Yes, you did well.
Malicious people try to hide their malware in places where the website owners do not usually check, for instance this person tried to hide that malicious file in the folder where the Sucuri plugin resides, it could have been any other plugin so is not really a problem that I (as the maintainer of this plugin) can resolve; just keep looking the rest of your project for copies of the same malware, check the audit logs, change the passwords of all your user accounts, change the credentials of your database, and check the permissions of the folders and files inside the plugins directory.

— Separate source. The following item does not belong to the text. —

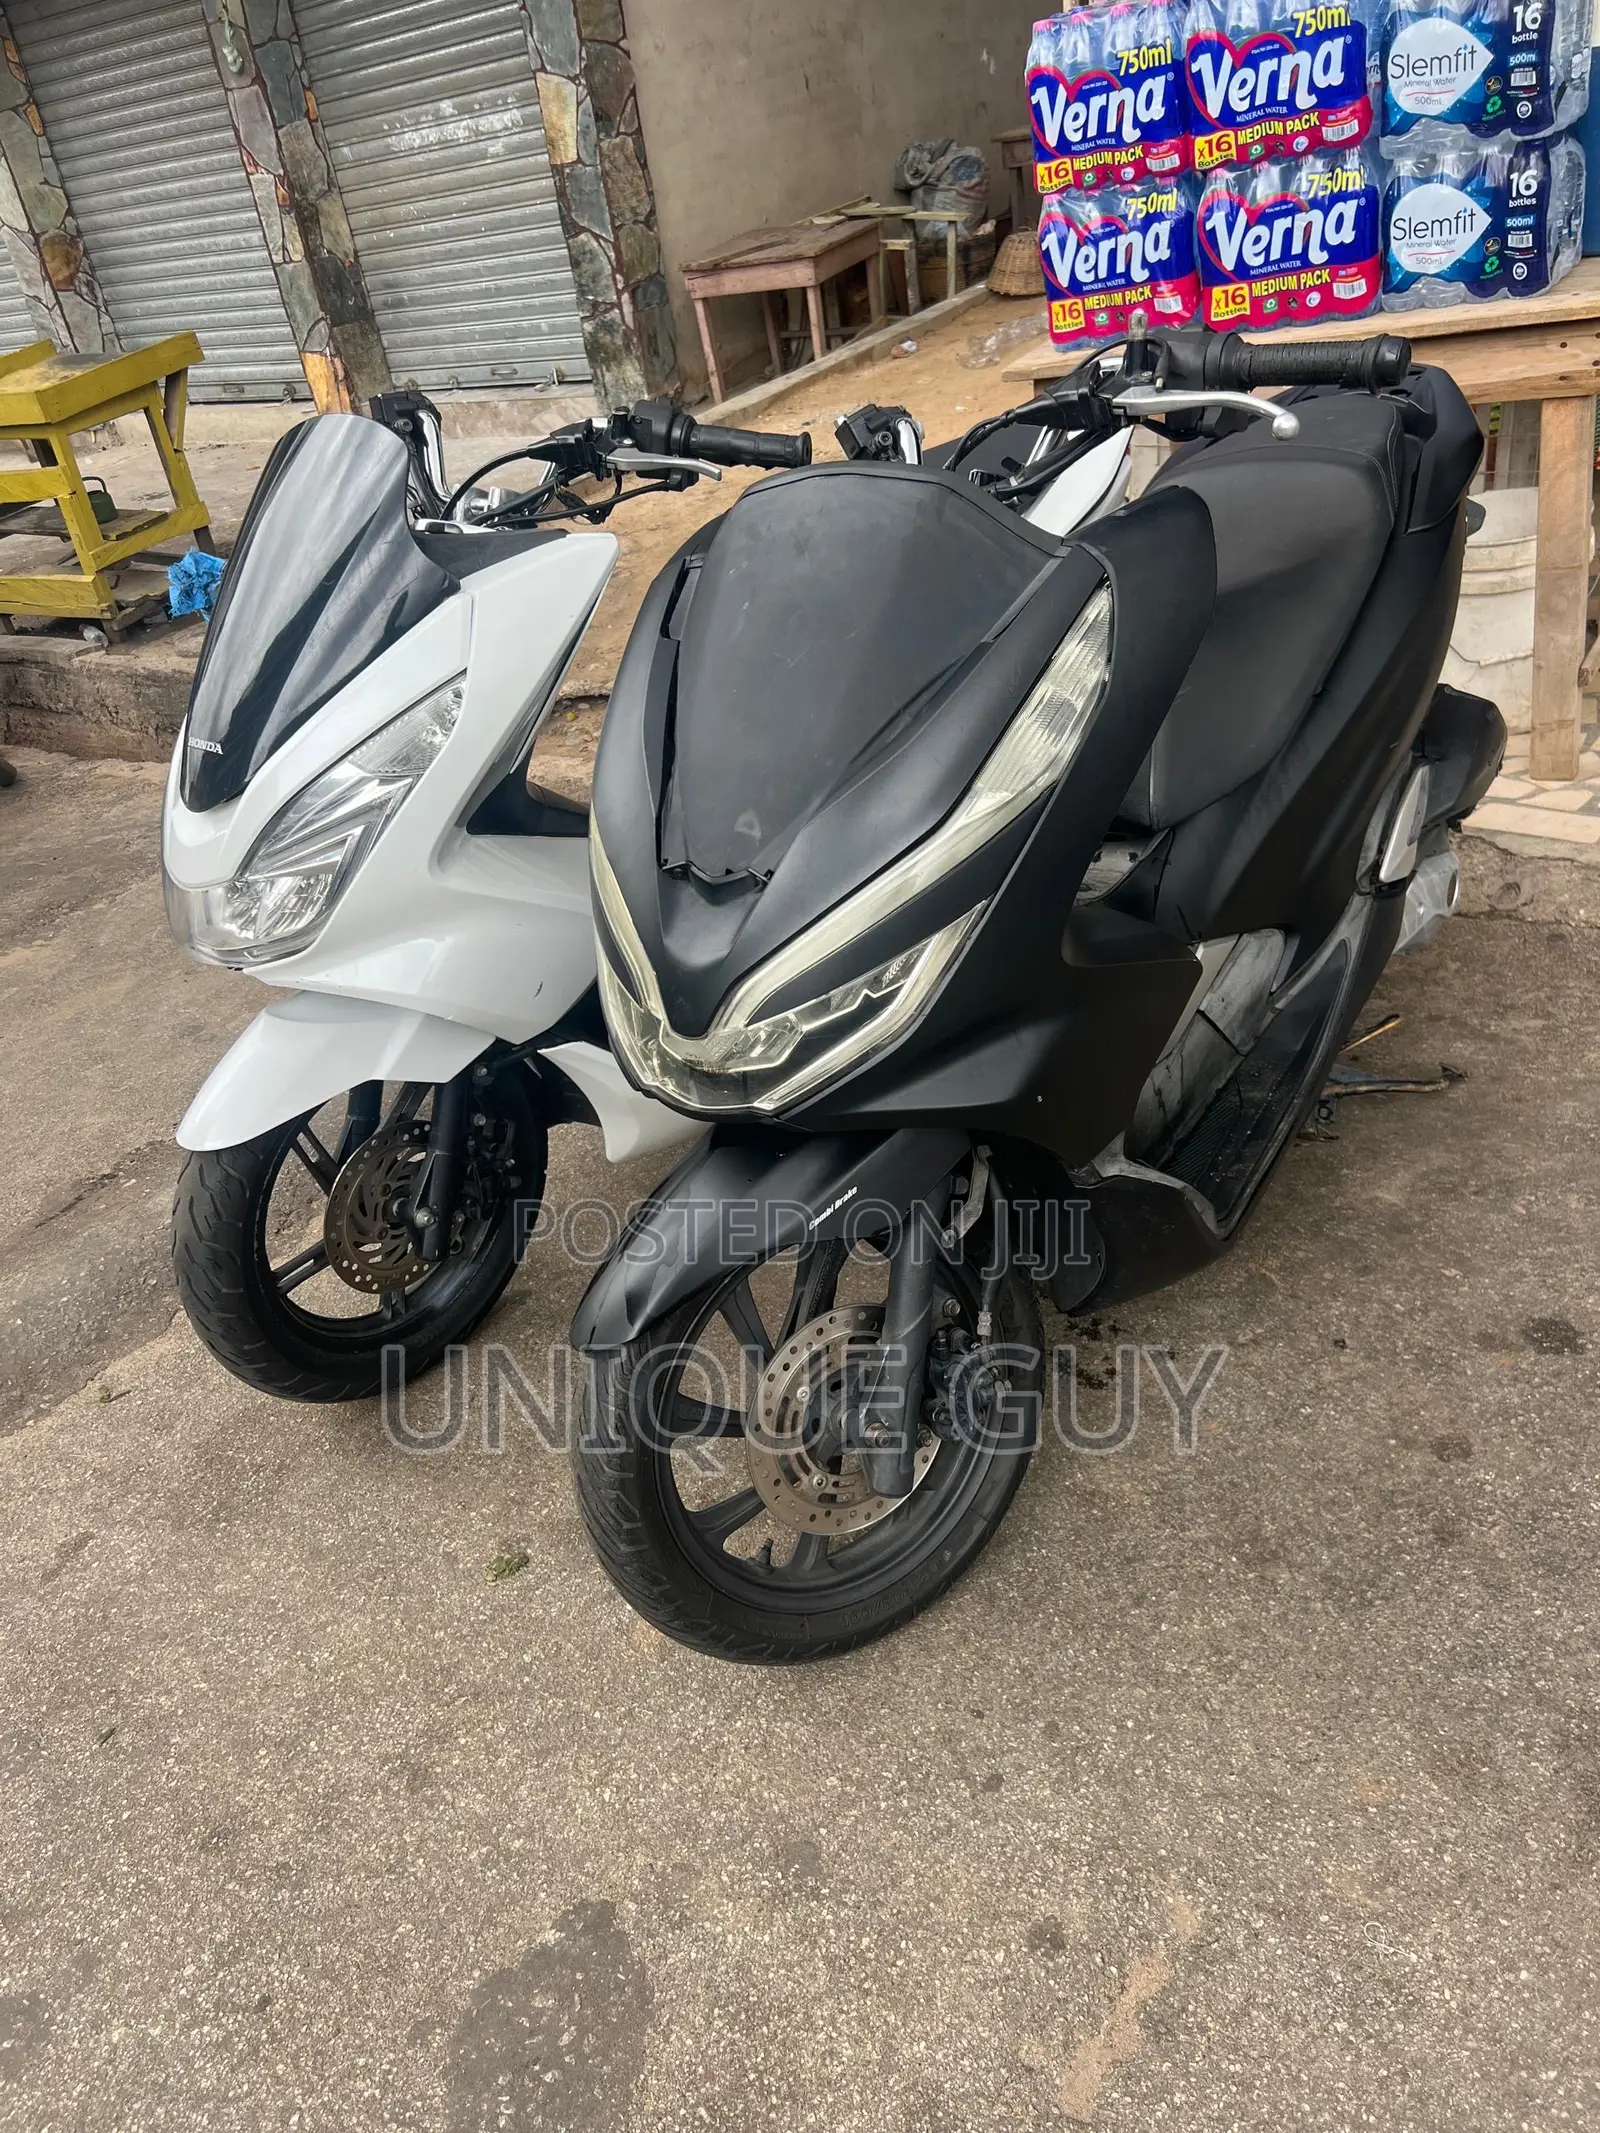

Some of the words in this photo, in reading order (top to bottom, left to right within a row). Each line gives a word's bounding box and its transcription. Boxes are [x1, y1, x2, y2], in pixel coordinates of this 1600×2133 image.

And by the way, the Sucuri WordPress plugin is not infected as you said, saying that the plugin is infected implies that I as the maintainer of the code injected that malicious file in your site and that is not true, the history of changes of the code is public here [1], anyone can check them and verify that the plugin is clean of malware, there is no way I could inject malicious code in this plugin without people noticing.
As you can see in the official repository [2] the only PHP files that are distributed with this plugin are named "sucuri.php" and "uninstall.php", so it is safe to delete any other file that is not listed in the official repository.
If it were possible to change the title of this ticket I would put something like "My website got hacked" instead of "Infected plugin", words are powerful weapon and it hurts our image when people assume things without a previous investigation.
Anyway, if you need help with anything else let me know.